ASSIGNMENT: Set each entry down exactly as written.

RECORDS FOR THE EXERCISE:
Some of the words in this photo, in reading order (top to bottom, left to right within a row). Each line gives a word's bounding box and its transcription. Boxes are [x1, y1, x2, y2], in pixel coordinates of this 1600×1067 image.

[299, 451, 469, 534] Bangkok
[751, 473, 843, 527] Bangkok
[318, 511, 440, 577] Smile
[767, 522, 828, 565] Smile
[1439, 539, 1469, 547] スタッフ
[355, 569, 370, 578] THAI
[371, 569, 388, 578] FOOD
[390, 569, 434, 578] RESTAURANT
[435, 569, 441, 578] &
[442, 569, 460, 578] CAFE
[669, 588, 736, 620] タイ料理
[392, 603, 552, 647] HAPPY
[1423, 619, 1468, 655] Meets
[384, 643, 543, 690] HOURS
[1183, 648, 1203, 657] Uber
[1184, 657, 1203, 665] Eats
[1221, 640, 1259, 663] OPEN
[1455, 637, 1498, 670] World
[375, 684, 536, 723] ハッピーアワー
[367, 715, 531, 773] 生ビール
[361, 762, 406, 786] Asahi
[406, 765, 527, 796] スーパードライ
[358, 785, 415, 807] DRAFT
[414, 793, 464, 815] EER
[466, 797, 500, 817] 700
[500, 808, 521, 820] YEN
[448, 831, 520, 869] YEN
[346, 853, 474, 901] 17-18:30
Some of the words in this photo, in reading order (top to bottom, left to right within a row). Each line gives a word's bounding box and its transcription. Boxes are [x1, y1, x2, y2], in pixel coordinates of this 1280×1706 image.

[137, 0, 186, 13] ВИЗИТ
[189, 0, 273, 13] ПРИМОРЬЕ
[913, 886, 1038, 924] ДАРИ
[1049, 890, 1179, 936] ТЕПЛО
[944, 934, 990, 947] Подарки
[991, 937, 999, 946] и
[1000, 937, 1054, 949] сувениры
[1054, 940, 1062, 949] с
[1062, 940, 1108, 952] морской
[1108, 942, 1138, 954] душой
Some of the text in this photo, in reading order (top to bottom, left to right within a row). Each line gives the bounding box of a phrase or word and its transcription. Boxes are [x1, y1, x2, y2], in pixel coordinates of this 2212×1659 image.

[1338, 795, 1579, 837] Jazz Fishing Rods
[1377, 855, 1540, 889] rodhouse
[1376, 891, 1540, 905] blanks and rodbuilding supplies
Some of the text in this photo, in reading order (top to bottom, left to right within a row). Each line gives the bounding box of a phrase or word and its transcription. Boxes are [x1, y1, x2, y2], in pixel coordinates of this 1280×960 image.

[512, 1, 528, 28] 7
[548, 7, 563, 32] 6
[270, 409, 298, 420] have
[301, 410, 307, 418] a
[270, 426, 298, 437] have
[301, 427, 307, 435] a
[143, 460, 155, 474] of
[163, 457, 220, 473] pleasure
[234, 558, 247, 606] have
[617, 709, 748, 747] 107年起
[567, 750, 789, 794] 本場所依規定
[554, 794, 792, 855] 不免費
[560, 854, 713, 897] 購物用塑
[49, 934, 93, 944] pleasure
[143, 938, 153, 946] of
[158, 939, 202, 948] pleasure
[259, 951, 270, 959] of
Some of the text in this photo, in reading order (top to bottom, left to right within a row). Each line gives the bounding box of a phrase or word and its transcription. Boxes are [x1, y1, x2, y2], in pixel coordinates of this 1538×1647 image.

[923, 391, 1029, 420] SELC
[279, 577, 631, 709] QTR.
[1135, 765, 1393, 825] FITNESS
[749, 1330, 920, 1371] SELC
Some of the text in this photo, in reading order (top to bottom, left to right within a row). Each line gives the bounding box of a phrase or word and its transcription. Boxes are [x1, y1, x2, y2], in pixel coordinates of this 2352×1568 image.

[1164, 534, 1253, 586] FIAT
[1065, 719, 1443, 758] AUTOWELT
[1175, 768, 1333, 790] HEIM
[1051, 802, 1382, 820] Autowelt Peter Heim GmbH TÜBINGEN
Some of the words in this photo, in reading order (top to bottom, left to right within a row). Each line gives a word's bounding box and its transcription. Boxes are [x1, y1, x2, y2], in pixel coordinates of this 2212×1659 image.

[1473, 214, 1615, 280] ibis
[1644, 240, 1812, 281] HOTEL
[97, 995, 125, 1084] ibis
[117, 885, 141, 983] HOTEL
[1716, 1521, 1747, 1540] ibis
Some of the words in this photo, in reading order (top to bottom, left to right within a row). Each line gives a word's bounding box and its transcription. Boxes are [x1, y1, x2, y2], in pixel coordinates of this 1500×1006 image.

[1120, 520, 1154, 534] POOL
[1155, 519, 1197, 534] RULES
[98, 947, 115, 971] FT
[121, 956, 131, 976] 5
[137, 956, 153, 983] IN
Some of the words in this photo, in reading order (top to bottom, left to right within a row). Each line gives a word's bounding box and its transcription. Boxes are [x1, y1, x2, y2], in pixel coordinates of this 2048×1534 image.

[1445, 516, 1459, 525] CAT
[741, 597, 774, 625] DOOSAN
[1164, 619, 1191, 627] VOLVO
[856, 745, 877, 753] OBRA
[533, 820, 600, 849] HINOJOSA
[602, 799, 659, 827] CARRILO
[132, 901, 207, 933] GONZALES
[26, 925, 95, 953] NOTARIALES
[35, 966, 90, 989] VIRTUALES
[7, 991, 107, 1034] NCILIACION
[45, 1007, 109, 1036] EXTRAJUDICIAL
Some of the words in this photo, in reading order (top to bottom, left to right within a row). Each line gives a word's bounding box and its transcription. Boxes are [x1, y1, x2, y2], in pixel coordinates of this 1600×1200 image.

RESPONSE BELOW:
Some of the words in this photo, in reading order (top to bottom, left to right within a row). Each line gives a word's bounding box and its transcription. Boxes are [x1, y1, x2, y2], in pixel coordinates of this 1600×1067 image.

[299, 451, 469, 534] Bangkok
[751, 473, 843, 527] Bangkok
[318, 511, 440, 577] Smile
[767, 522, 828, 565] Smile
[1439, 539, 1469, 547] スタッフ
[355, 569, 370, 578] THAI
[371, 569, 388, 578] FOOD
[390, 569, 434, 578] RESTAURANT
[435, 569, 441, 578] &
[442, 569, 460, 578] CAFE
[669, 588, 736, 620] タイ料理
[392, 603, 552, 647] HAPPY
[1423, 619, 1468, 655] Meets
[384, 643, 543, 690] HOURS
[1183, 648, 1203, 657] Uber
[1184, 657, 1203, 665] Eats
[1221, 640, 1259, 663] OPEN
[1455, 637, 1498, 670] World
[375, 684, 536, 723] ハッピーアワー
[367, 715, 531, 773] 生ビール
[361, 762, 406, 786] Asahi
[406, 765, 527, 796] スーパードライ
[358, 785, 415, 807] DRAFT
[414, 793, 464, 815] EER
[466, 797, 500, 817] 700
[500, 808, 521, 820] YEN
[448, 831, 520, 869] YEN
[346, 853, 474, 901] 17-18:30
Some of the words in this photo, in reading order (top to bottom, left to right within a row). Each line gives a word's bounding box and its transcription. Boxes are [x1, y1, x2, y2], in pixel coordinates of this 1280×1706 image.

[137, 0, 186, 13] ВИЗИТ
[189, 0, 273, 13] ПРИМОРЬЕ
[913, 886, 1038, 924] ДАРИ
[1049, 890, 1179, 936] ТЕПЛО
[944, 934, 990, 947] Подарки
[991, 937, 999, 946] и
[1000, 937, 1054, 949] сувениры
[1054, 940, 1062, 949] с
[1062, 940, 1108, 952] морской
[1108, 942, 1138, 954] душой
Some of the text in this photo, in reading order (top to bottom, left to right within a row). Each line gives the bounding box of a phrase or word and its transcription. Boxes are [x1, y1, x2, y2], in pixel coordinates of this 2212×1659 image.

[1338, 795, 1579, 837] Jazz Fishing Rods
[1377, 855, 1540, 889] rodhouse
[1376, 891, 1540, 905] blanks and rodbuilding supplies
Some of the text in this photo, in reading order (top to bottom, left to right within a row). Each line gives the bounding box of a phrase or word and its transcription. Boxes are [x1, y1, x2, y2], in pixel coordinates of this 1280×960 image.

[512, 1, 528, 28] 7
[548, 7, 563, 32] 6
[270, 409, 298, 420] have
[301, 410, 307, 418] a
[270, 426, 298, 437] have
[301, 427, 307, 435] a
[143, 460, 155, 474] of
[163, 457, 220, 473] pleasure
[234, 558, 247, 606] have
[617, 709, 748, 747] 107年起
[567, 750, 789, 794] 本場所依規定
[554, 794, 792, 855] 不免費
[560, 854, 713, 897] 購物用塑
[49, 934, 93, 944] pleasure
[143, 938, 153, 946] of
[158, 939, 202, 948] pleasure
[259, 951, 270, 959] of
Some of the text in this photo, in reading order (top to bottom, left to right within a row). Each line gives the bounding box of a phrase or word and its transcription. Boxes are [x1, y1, x2, y2], in pixel coordinates of this 1538×1647 image.

[923, 391, 1029, 420] SELC
[279, 577, 631, 709] QTR.
[1135, 765, 1393, 825] FITNESS
[749, 1330, 920, 1371] SELC
Some of the text in this photo, in reading order (top to bottom, left to right within a row). Each line gives the bounding box of a phrase or word and its transcription. Boxes are [x1, y1, x2, y2], in pixel coordinates of this 2352×1568 image.

[1164, 534, 1253, 586] FIAT
[1065, 719, 1443, 758] AUTOWELT
[1175, 768, 1333, 790] HEIM
[1051, 802, 1382, 820] Autowelt Peter Heim GmbH TÜBINGEN
Some of the words in this photo, in reading order (top to bottom, left to right within a row). Each line gives a word's bounding box and its transcription. Boxes are [x1, y1, x2, y2], in pixel coordinates of this 2212×1659 image.

[1473, 214, 1615, 280] ibis
[1644, 240, 1812, 281] HOTEL
[97, 995, 125, 1084] ibis
[117, 885, 141, 983] HOTEL
[1716, 1521, 1747, 1540] ibis
Some of the words in this photo, in reading order (top to bottom, left to right within a row). Each line gives a word's bounding box and its transcription. Boxes are [x1, y1, x2, y2], in pixel coordinates of this 1500×1006 image.

[1120, 520, 1154, 534] POOL
[1155, 519, 1197, 534] RULES
[98, 947, 115, 971] FT
[121, 956, 131, 976] 5
[137, 956, 153, 983] IN
Some of the words in this photo, in reading order (top to bottom, left to right within a row). Each line gives a word's bounding box and its transcription. Boxes are [x1, y1, x2, y2], in pixel coordinates of this 2048×1534 image.

[1445, 516, 1459, 525] CAT
[741, 597, 774, 625] DOOSAN
[1164, 619, 1191, 627] VOLVO
[856, 745, 877, 753] OBRA
[533, 820, 600, 849] HINOJOSA
[602, 799, 659, 827] CARRILO
[132, 901, 207, 933] GONZALES
[26, 925, 95, 953] NOTARIALES
[35, 966, 90, 989] VIRTUALES
[7, 991, 107, 1034] NCILIACION
[45, 1007, 109, 1036] EXTRAJUDICIAL
Some of the words in this photo, in reading order (top to bottom, left to right within a row). Each line gives a word's bounding box and its transcription. Boxes are [x1, y1, x2, y2], in pixel coordinates of this 1600×1200 image.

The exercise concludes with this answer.